— Dataset entries —
*** Block opens ***
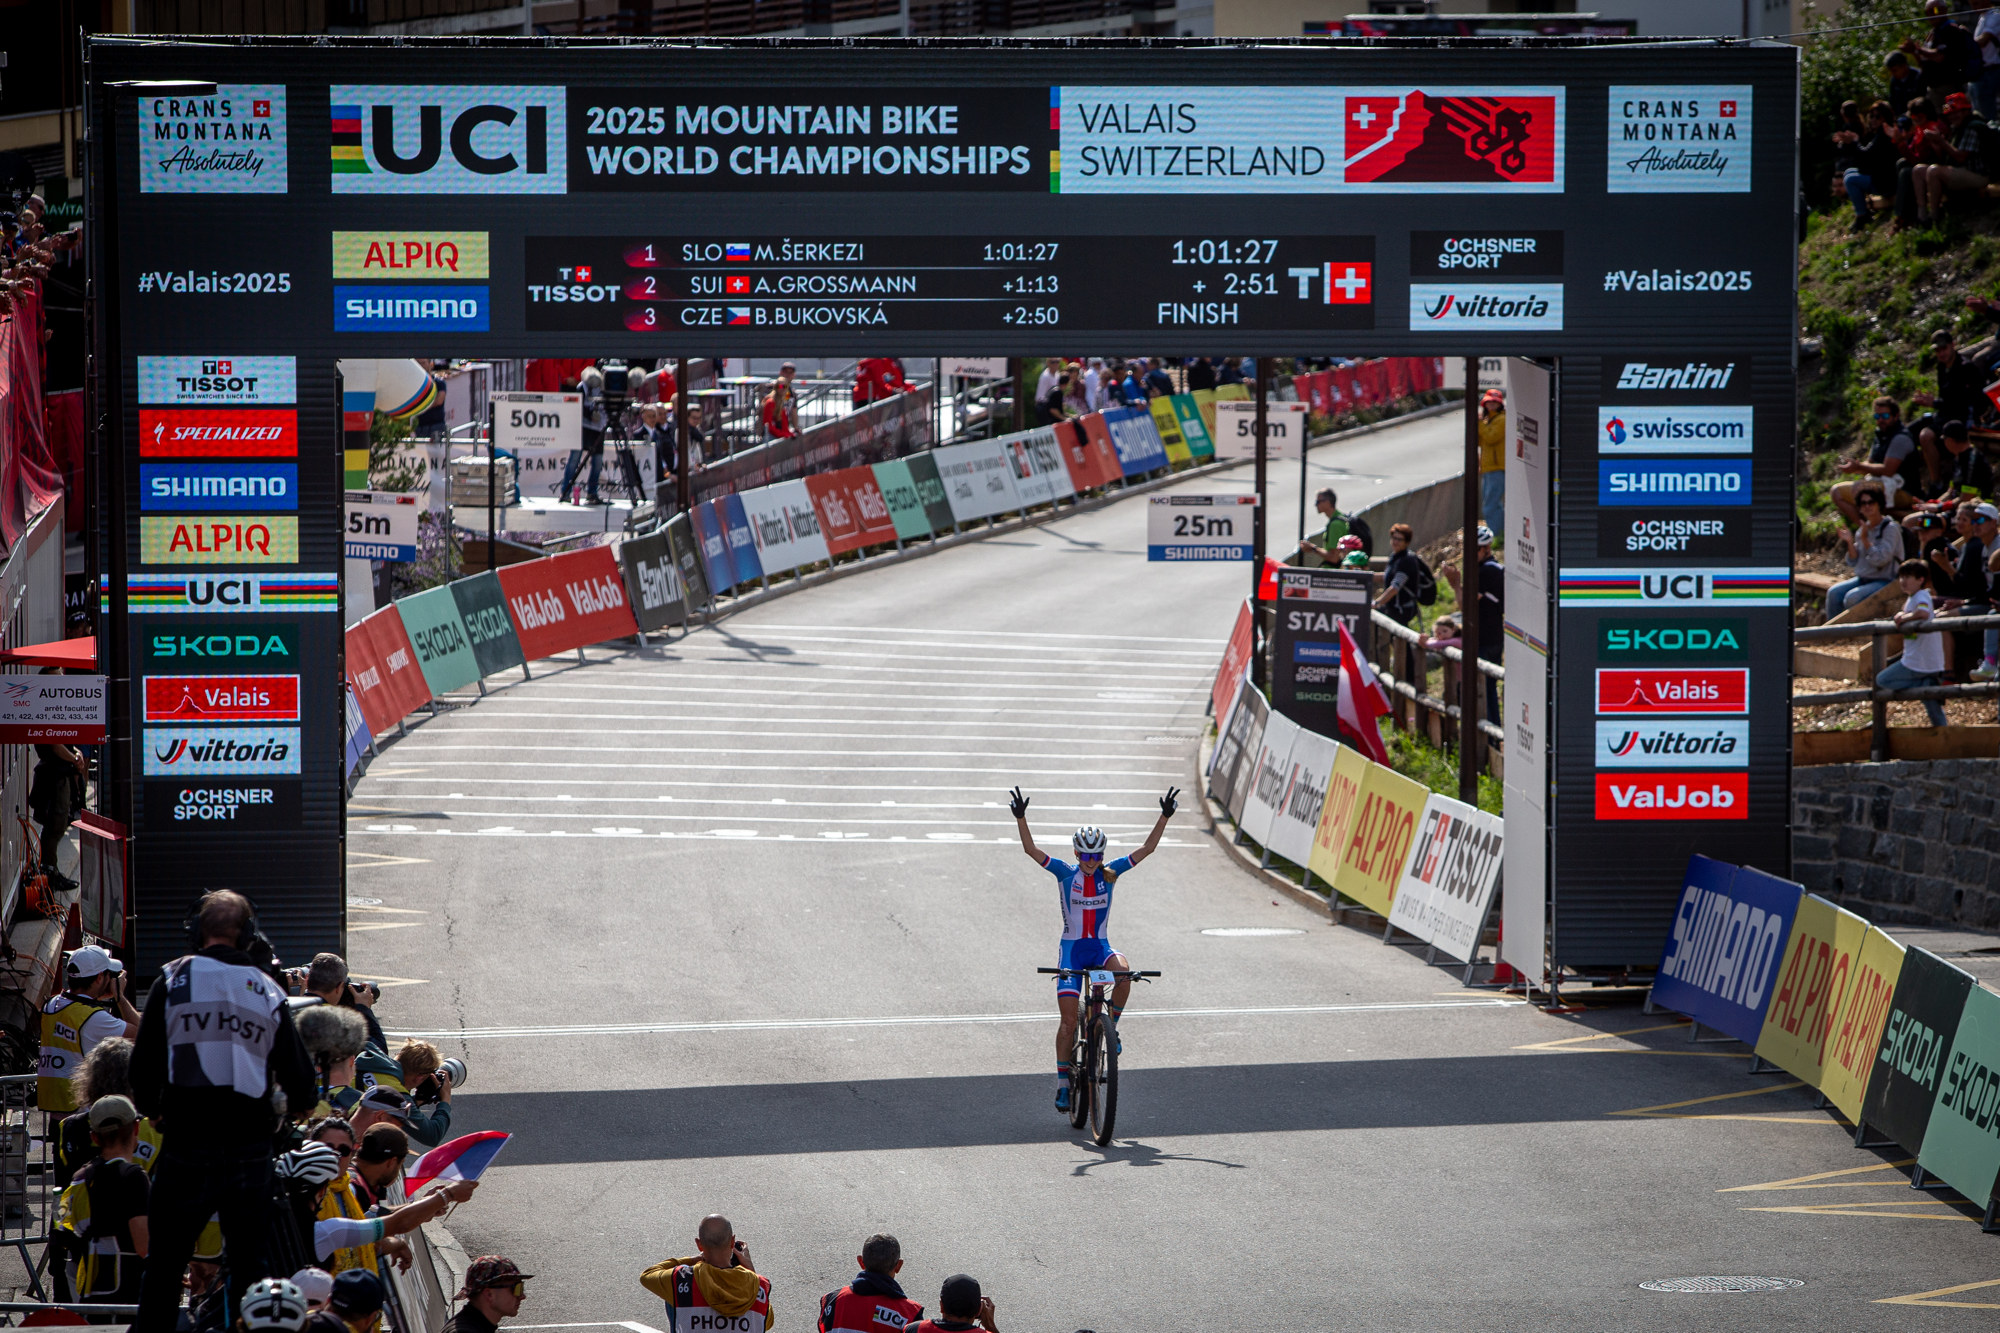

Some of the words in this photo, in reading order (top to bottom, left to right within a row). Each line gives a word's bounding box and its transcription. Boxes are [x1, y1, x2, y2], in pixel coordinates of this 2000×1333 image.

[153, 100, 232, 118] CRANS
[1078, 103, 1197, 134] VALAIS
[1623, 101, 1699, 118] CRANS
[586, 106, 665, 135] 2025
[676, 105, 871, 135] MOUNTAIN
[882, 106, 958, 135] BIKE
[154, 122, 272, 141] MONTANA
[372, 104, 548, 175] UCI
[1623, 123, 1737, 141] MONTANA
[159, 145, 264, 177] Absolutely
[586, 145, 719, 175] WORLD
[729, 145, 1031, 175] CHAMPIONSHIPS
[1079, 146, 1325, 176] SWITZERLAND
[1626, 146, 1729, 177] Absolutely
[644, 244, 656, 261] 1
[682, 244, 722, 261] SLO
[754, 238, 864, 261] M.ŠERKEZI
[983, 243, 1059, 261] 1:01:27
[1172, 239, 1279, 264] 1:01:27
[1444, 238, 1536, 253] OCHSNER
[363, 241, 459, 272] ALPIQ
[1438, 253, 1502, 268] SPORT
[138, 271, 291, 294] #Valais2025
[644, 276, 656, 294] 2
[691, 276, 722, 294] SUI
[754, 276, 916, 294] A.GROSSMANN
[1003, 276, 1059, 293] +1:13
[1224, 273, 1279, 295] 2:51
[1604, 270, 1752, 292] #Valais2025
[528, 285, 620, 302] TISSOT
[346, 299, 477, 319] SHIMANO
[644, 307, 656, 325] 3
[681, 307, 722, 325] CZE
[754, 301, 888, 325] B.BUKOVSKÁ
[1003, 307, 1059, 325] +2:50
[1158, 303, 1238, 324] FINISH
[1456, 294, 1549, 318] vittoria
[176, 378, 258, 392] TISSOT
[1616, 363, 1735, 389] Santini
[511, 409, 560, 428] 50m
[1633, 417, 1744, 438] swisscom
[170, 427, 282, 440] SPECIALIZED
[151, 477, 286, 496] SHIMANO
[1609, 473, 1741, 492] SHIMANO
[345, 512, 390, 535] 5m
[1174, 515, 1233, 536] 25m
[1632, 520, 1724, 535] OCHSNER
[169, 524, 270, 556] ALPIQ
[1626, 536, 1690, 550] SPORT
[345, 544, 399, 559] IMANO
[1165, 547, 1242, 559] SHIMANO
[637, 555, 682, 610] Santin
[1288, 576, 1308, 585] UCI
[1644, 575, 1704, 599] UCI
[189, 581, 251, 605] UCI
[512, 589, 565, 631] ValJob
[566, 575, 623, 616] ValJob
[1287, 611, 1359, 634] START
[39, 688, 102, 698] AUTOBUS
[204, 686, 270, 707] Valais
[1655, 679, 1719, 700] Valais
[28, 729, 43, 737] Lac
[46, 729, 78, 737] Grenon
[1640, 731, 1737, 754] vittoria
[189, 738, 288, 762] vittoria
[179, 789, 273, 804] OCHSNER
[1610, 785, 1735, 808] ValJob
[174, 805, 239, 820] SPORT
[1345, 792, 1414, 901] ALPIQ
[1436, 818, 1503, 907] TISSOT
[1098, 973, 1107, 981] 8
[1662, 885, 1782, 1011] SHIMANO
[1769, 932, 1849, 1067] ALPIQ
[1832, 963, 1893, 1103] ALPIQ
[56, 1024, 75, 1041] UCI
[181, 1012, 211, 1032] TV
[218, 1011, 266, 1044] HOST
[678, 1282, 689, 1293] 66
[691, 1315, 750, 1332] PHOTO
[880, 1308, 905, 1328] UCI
*** Block closes ***
— The task —
Among the lines above, count those containing the string "OCHSNER"; please give the count alone.

— Result of the task —
3